As with any serious disease, such as COPD or cancer, probable life expectancy is based largely on the severity or stage of the disease.

For example, in a 2009 study published in the International Journal of Chronic Obstructive Pulmonary Disease, a 65-year-old man with COPD who currently smokes tobacco has the following reductions in life expectancy, depending on stage of COPD:

  • stage 1: 0.3 years
  • stage 2: 2.2 years
  • stage 3 or 4: 5.8 years

The article also noted that for this group, an additional 3.5 years were also lost to smoking compared with those who never smoked and didn’t have lung disease.

For former smokers, the reduction in life expectancy from COPD is:

  • stage 2: 1.4 years
  • stage 3 or 4: 5.6 years

The article also noted that for this group, an additional 0.5 years were also lost to smoking compared to those who never smoked and didn’t have lung disease.

For those who never smoked, the reduction in life expectancy is:

  • stage 2: 0.7 years
  • stage 3 or 4: 1.3 years

For former smokers and those who’ve never smoked, the difference in life expectancy for people at stage 0 and people at stage 1 wasn’t as significant, as opposed to those who were current smokers.

What’s the upshot of these methods of predicting life expectancy?

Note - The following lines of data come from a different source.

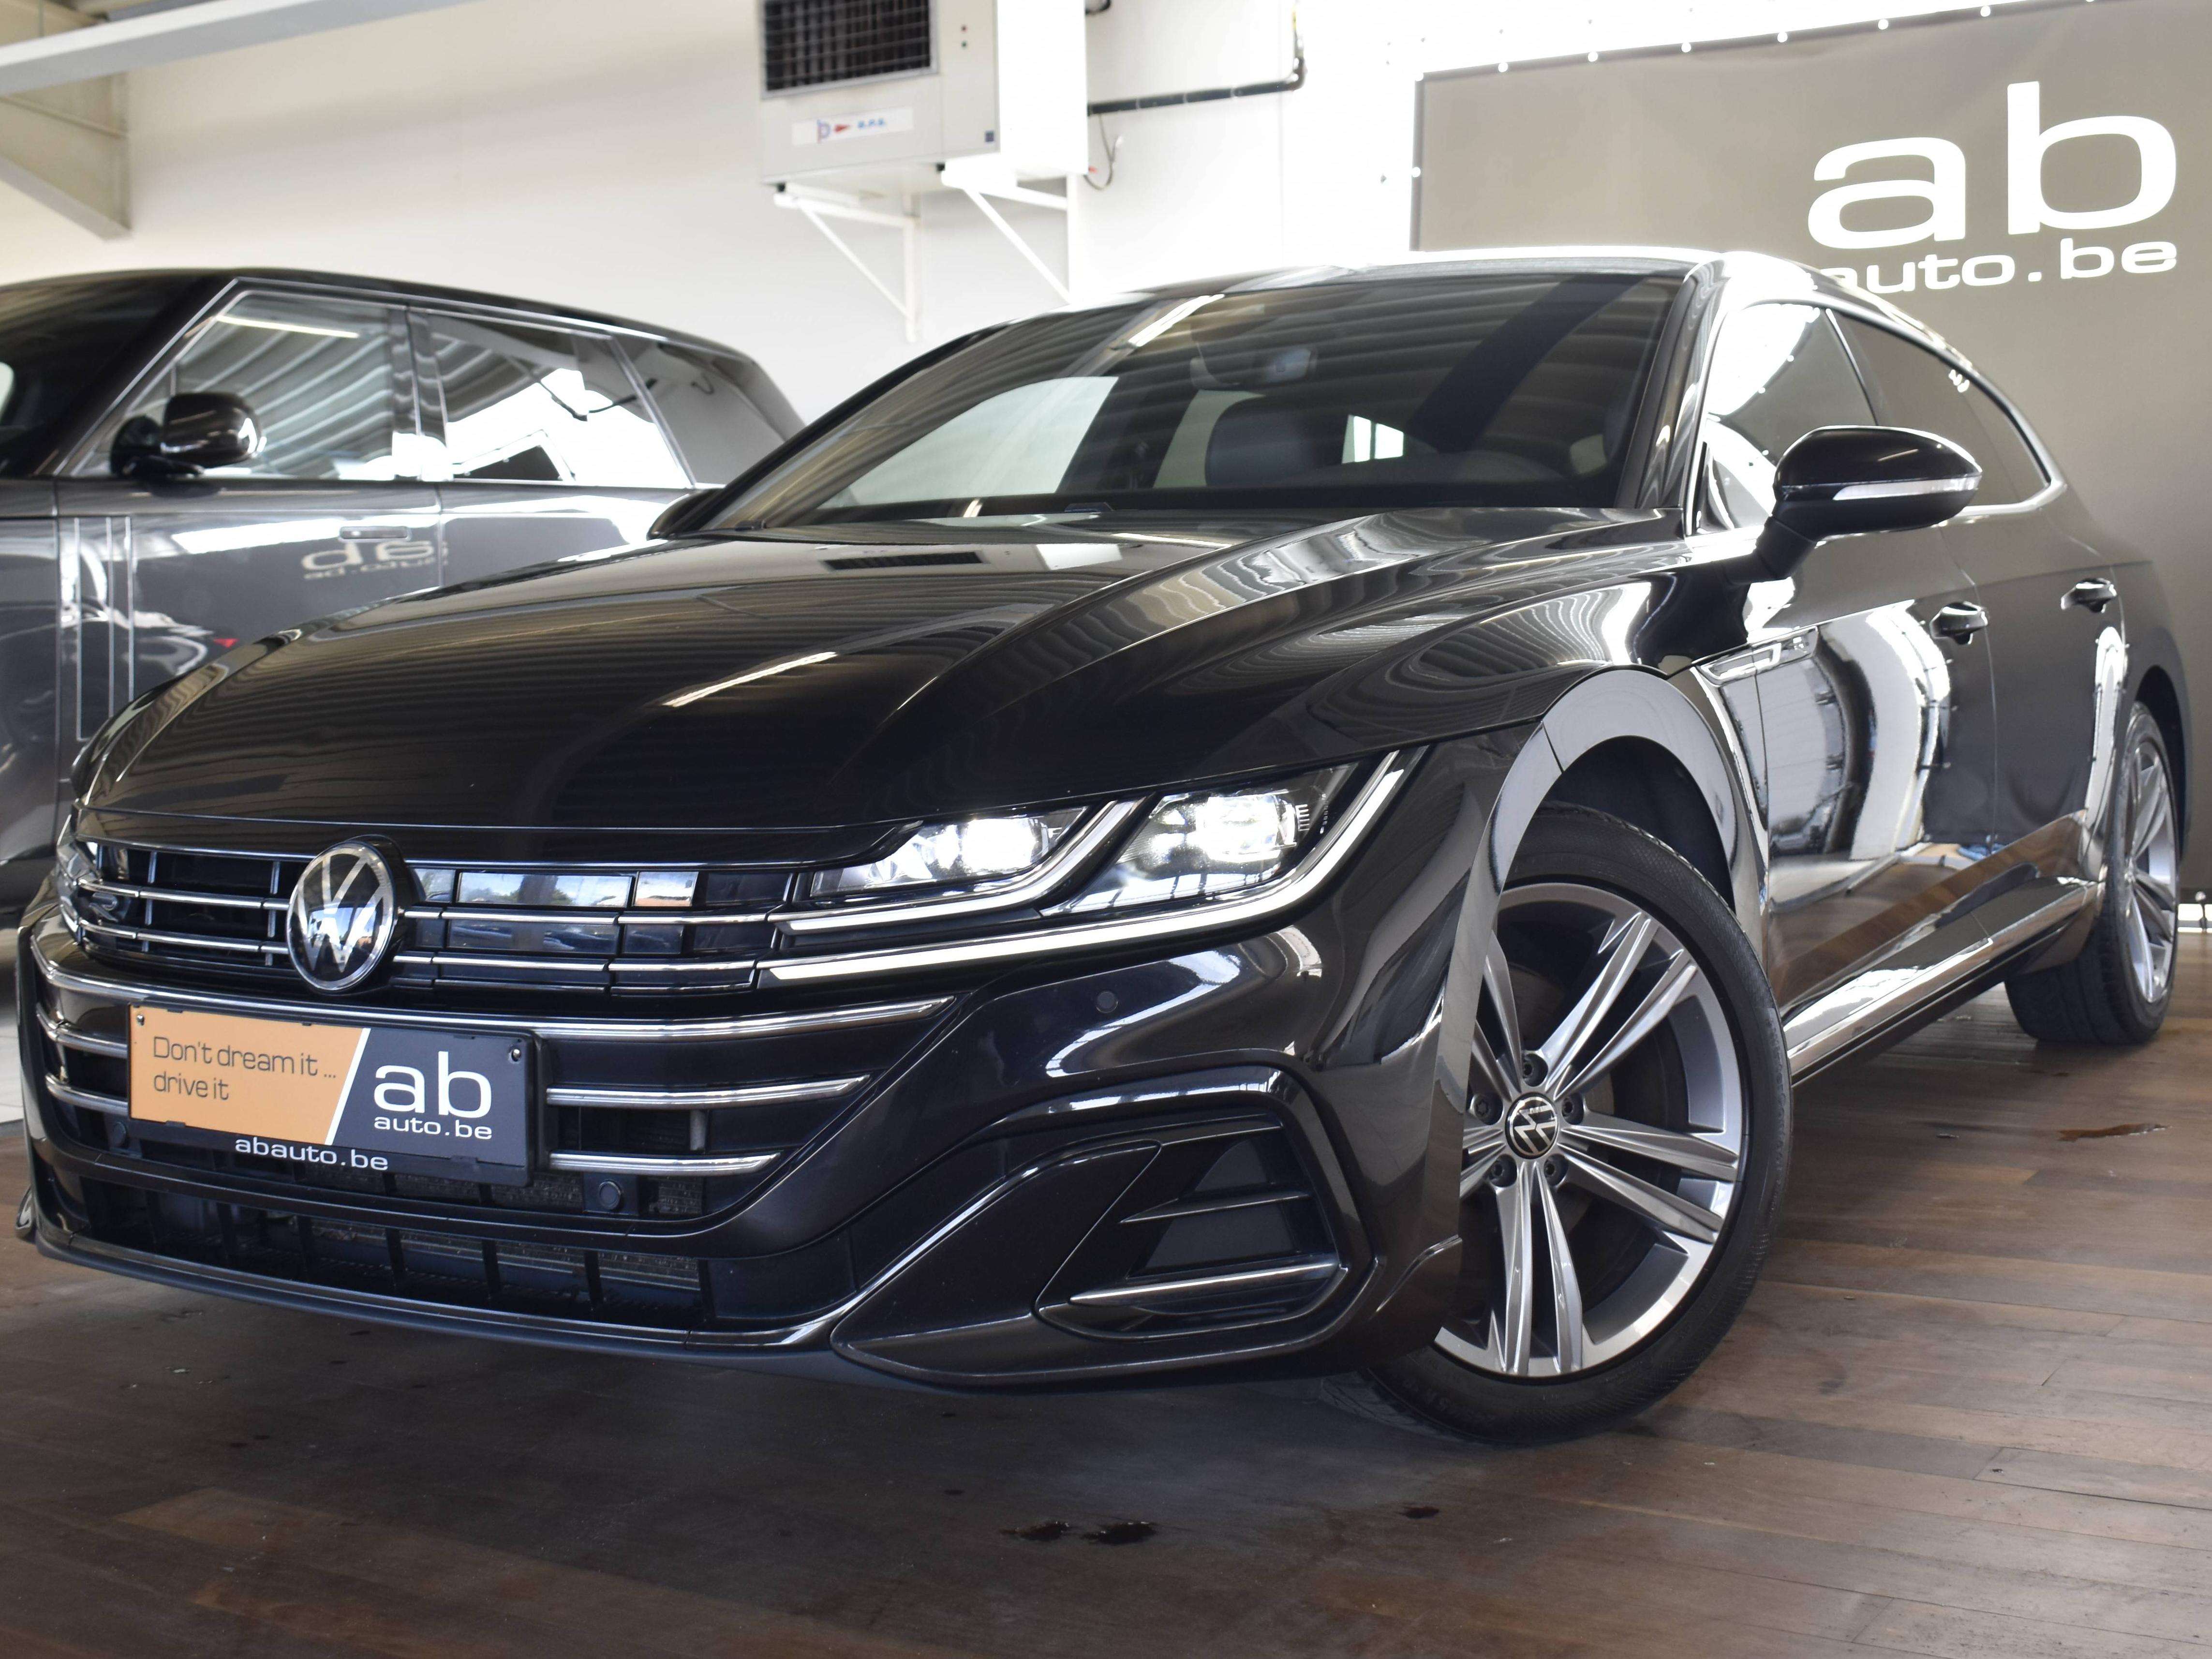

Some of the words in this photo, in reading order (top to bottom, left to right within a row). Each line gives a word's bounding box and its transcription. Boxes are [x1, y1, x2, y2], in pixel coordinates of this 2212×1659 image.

[1808, 81, 2176, 249] ab
[153, 1036, 212, 1064] Don't
[217, 1045, 294, 1074] dream
[300, 1053, 317, 1076] it
[154, 1071, 208, 1098] drive
[213, 1077, 229, 1101] it
[374, 1051, 492, 1118] ab
[374, 1116, 492, 1140] auto.be
[235, 1136, 389, 1171] abauto.be

The more you can do to keep from progressing to a higher stage of COPD the better.

The best way to slow down the progression of the disease is to stop smoking if you smoke. Also, avoid secondhand smoke or other irritants such as air pollution, dust, or chemicals.

If you’re underweight, it’s helpful to maintain a healthy weight with good nutrition and techniques to increase food intake, such as eating small, frequent meals. Learning how to improve breathing with exercises such as pursed lip breathing will also help.

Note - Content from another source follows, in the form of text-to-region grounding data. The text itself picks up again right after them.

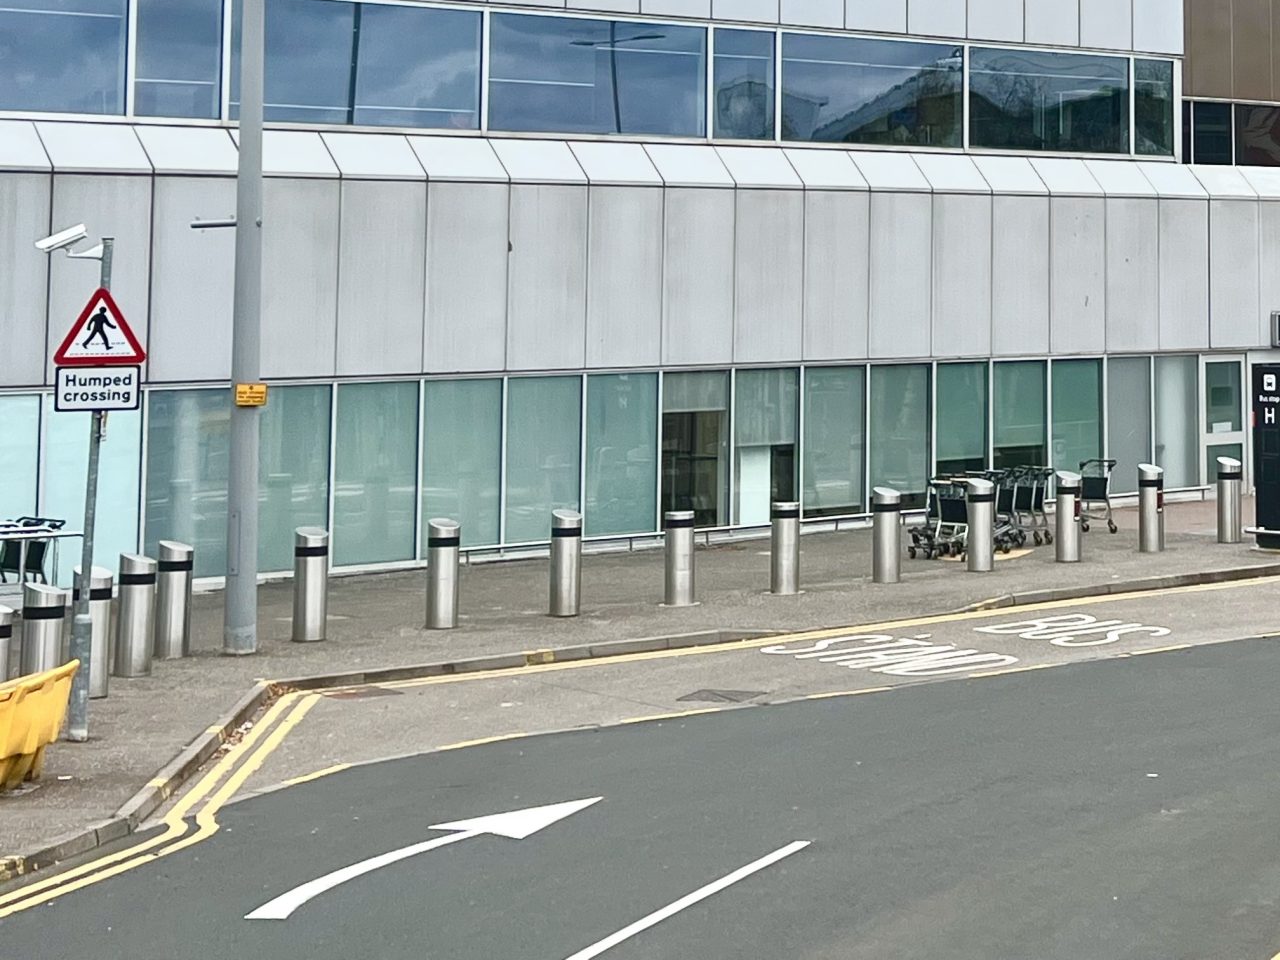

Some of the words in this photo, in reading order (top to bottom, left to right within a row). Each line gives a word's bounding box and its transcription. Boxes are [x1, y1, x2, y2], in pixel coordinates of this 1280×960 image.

[65, 374, 132, 387] Humped
[64, 389, 131, 402] crossing
[1264, 407, 1275, 424] H
[973, 613, 1172, 647] BUS
[760, 634, 1018, 676] STAND

You may also want to participate in a pulmonary rehabilitation program. You’ll learn about exercises, breathing techniques, and other strategies to maximize your health.

And while exercise and physical activity may be challenging with a breathing disorder, it’s one of the best things you can do for the health of your lungs and the rest of your body.

Talk with your doctor about a safe way to start exercising. Learn the warning signs of breathing problems and what you should do if you notice a minor flare-up. You’ll want to follow any COPD medication therapy prescribed to you by your doctor.

The more you can do to improve your overall health, the longer and fuller your life can be.

Did you know?COPD is the third leading cause of death in the United States, according to the American Lung Association.